In a black frock-coat adorned with crape, with no
hat on his head, he fussed about, waved his arms,
smote himself on the thighs, shouted up to the house,
and then down into the street, in the direction of
the funeral car with a white catafalque, already standing
there with two hired carriages. Near it four
garrison soldiers, with mourning capes over their
old coats, and mourning hats pulled over their screwed-up
eyes, were pensively scratching in the crumbling snow
with the long stems of their unlighted torches.
The grey shock of hair positively stood up straight
above the red face of Mr.
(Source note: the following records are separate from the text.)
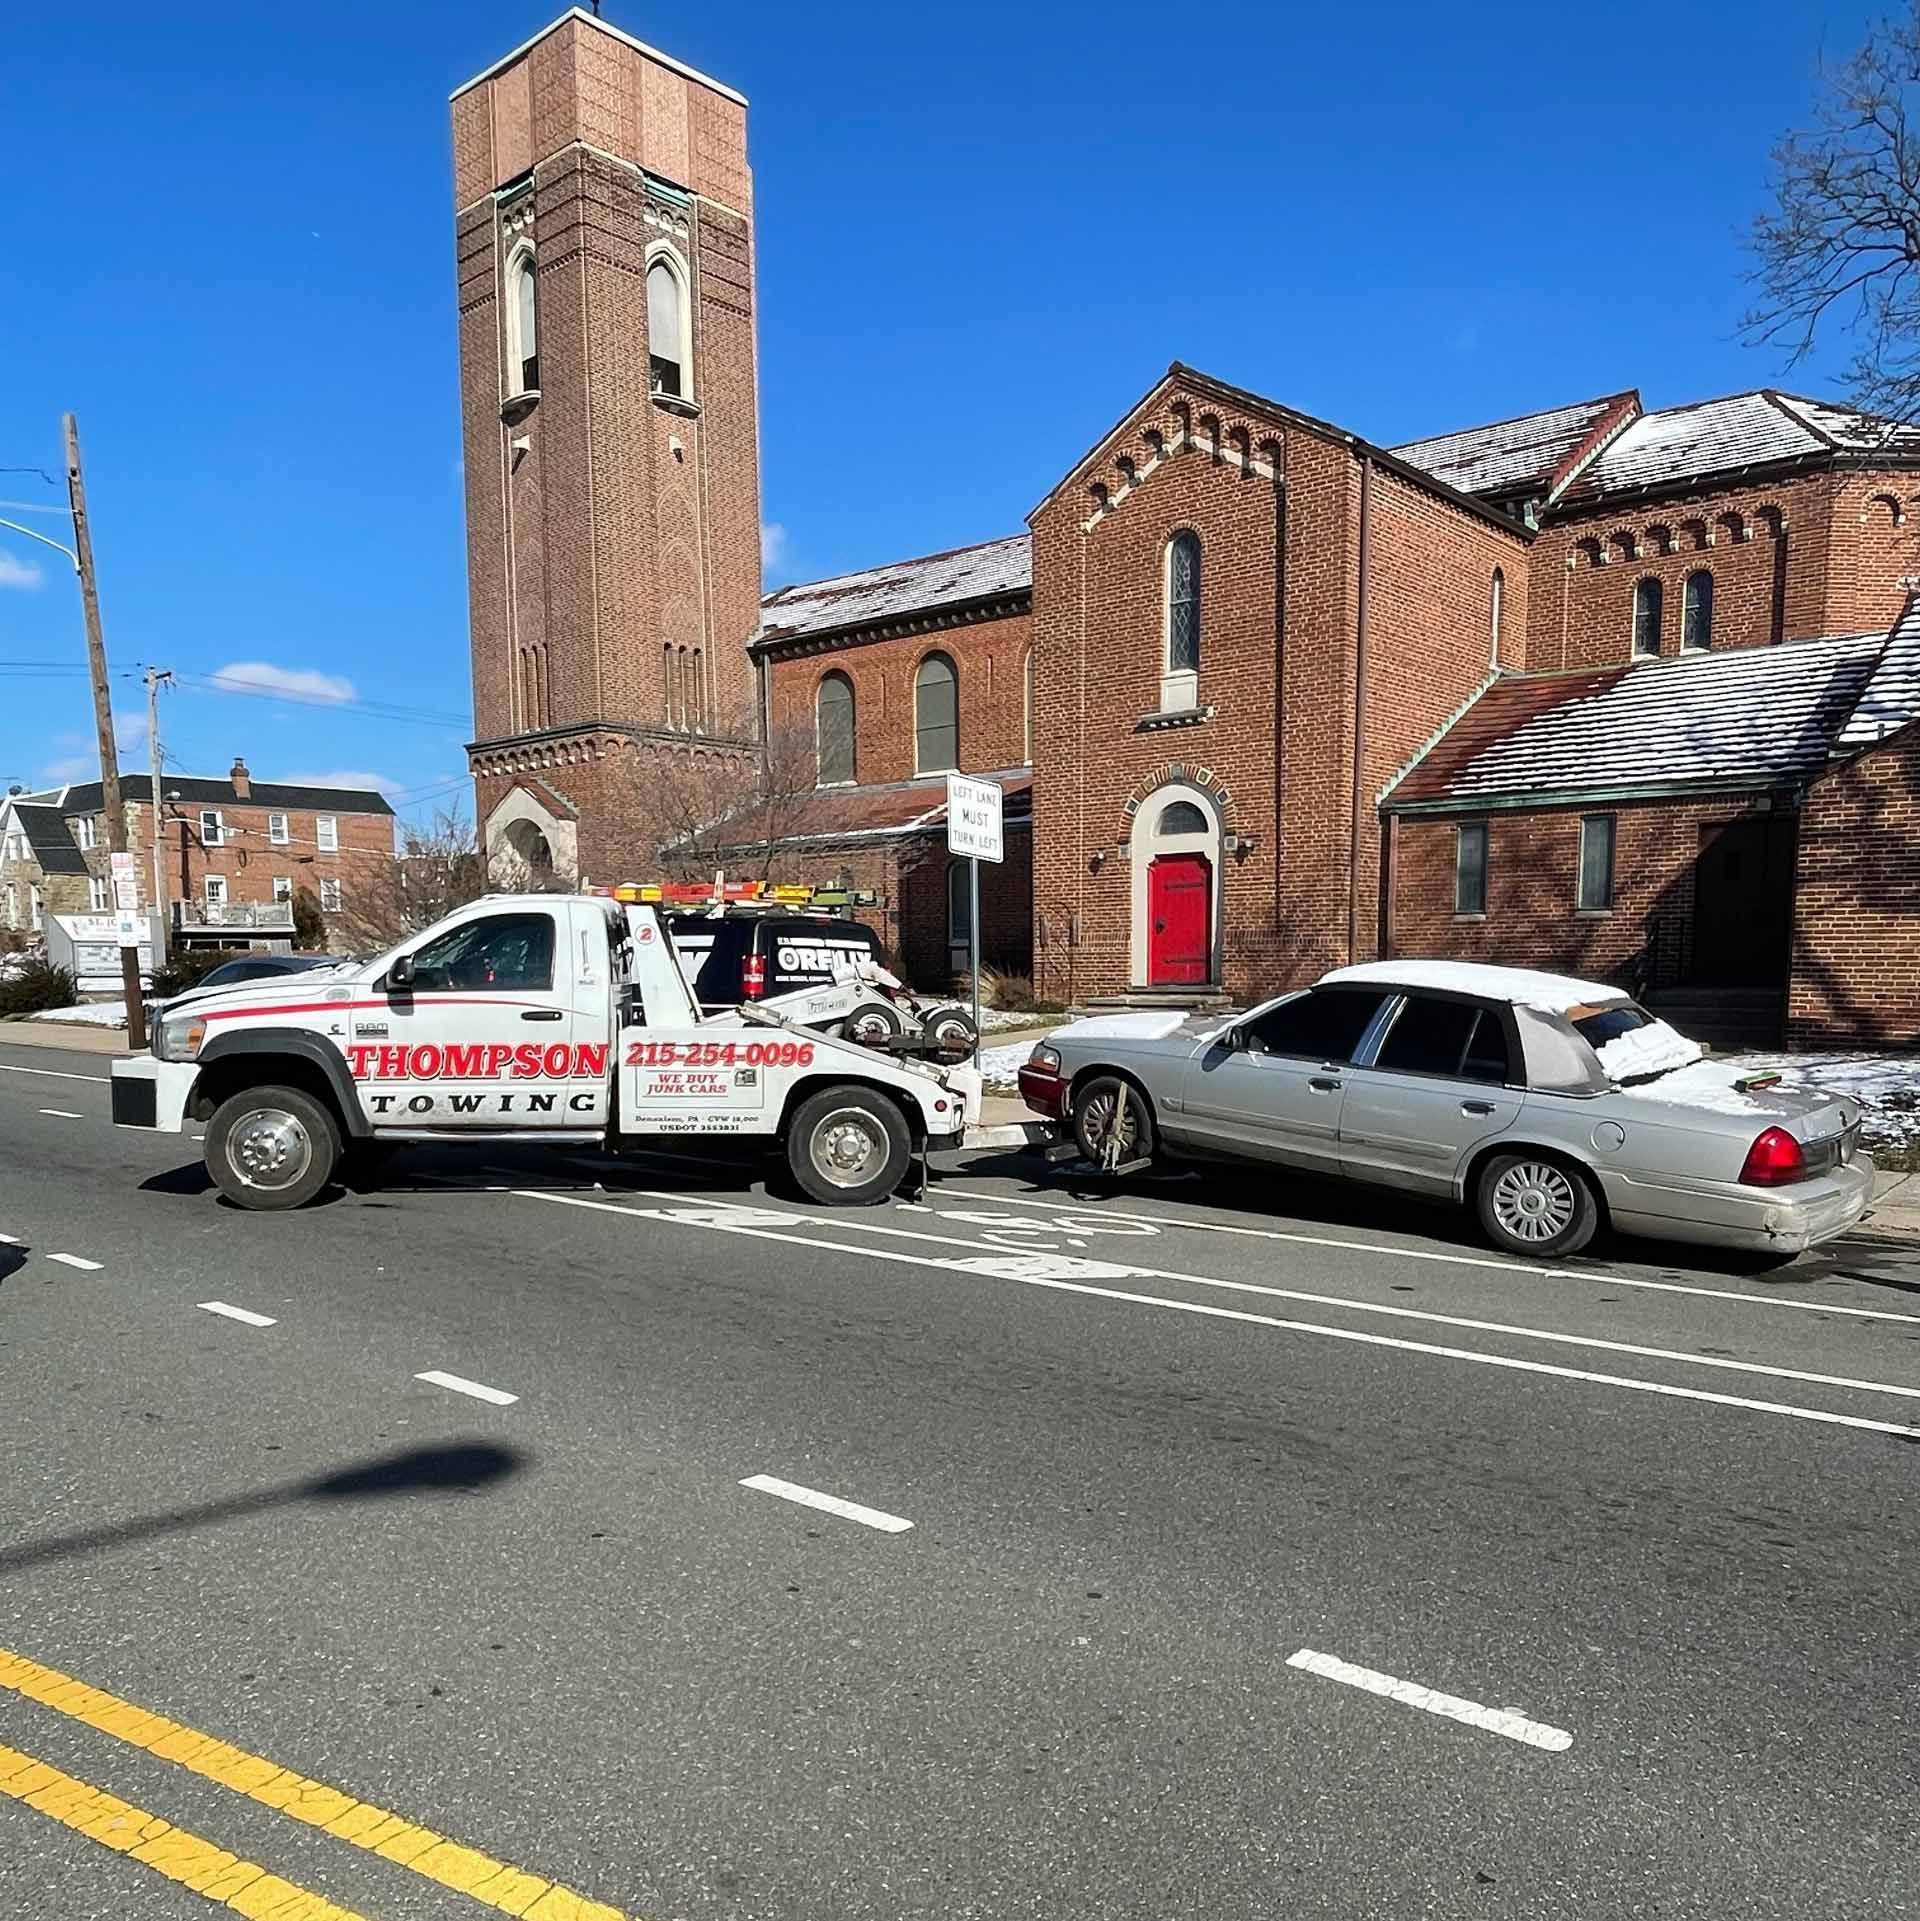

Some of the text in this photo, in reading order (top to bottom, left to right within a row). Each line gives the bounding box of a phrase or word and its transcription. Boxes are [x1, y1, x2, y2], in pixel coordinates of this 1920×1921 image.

[953, 785, 997, 808] LEFT LANE
[962, 808, 989, 828] MUST
[953, 829, 998, 852] TURN LEFT
[641, 927, 652, 941] 2
[349, 1042, 609, 1080] THOMPSON
[625, 1042, 815, 1067] 215-254-0096
[658, 1073, 718, 1084] WE BUY
[647, 1084, 727, 1095] JUNK CARS
[371, 1094, 595, 1113] TOWING
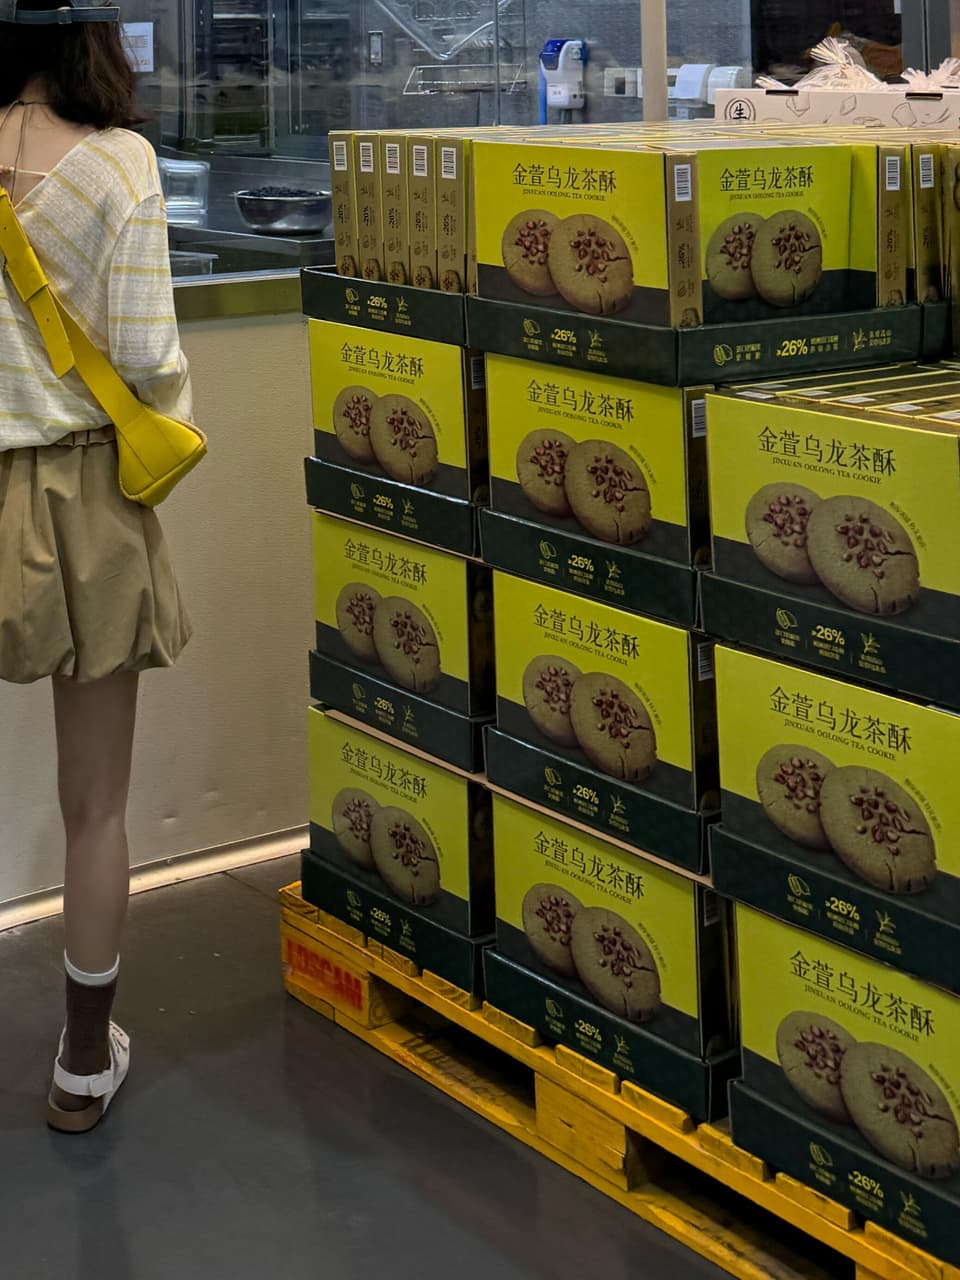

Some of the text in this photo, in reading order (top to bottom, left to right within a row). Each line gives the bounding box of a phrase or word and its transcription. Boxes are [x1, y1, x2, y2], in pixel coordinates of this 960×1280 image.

Ratsch, and his voice, that
brazen voice, was cracking from the strain he was putting
on it. ’Where are the pine branches? pine
branches! this way! the branches of pine!’ he
yelled. ’They’ll be bearing out the
coffin directly! The pine! Hand over those
pine branches! Look alive!’ he cried once
more, and dashed into the house. It appeared
that in spite of my punctuality, I was late:
Mr. Ratsch had thought fit to hurry things forward.
The service in the house was already over; the priests—of
whom one wore a calotte, and the other, rather younger,
had most carefully combed and oiled his hair—appeared
with all their retinue on the steps. The coffin
too appeared soon after, carried by a coachman, two
door-keepers, and a water-carrier. Mr. Ratsch
walked behind, with the tips of his fingers on the
coffin lid, continually repeating, ‘Easy, easy!’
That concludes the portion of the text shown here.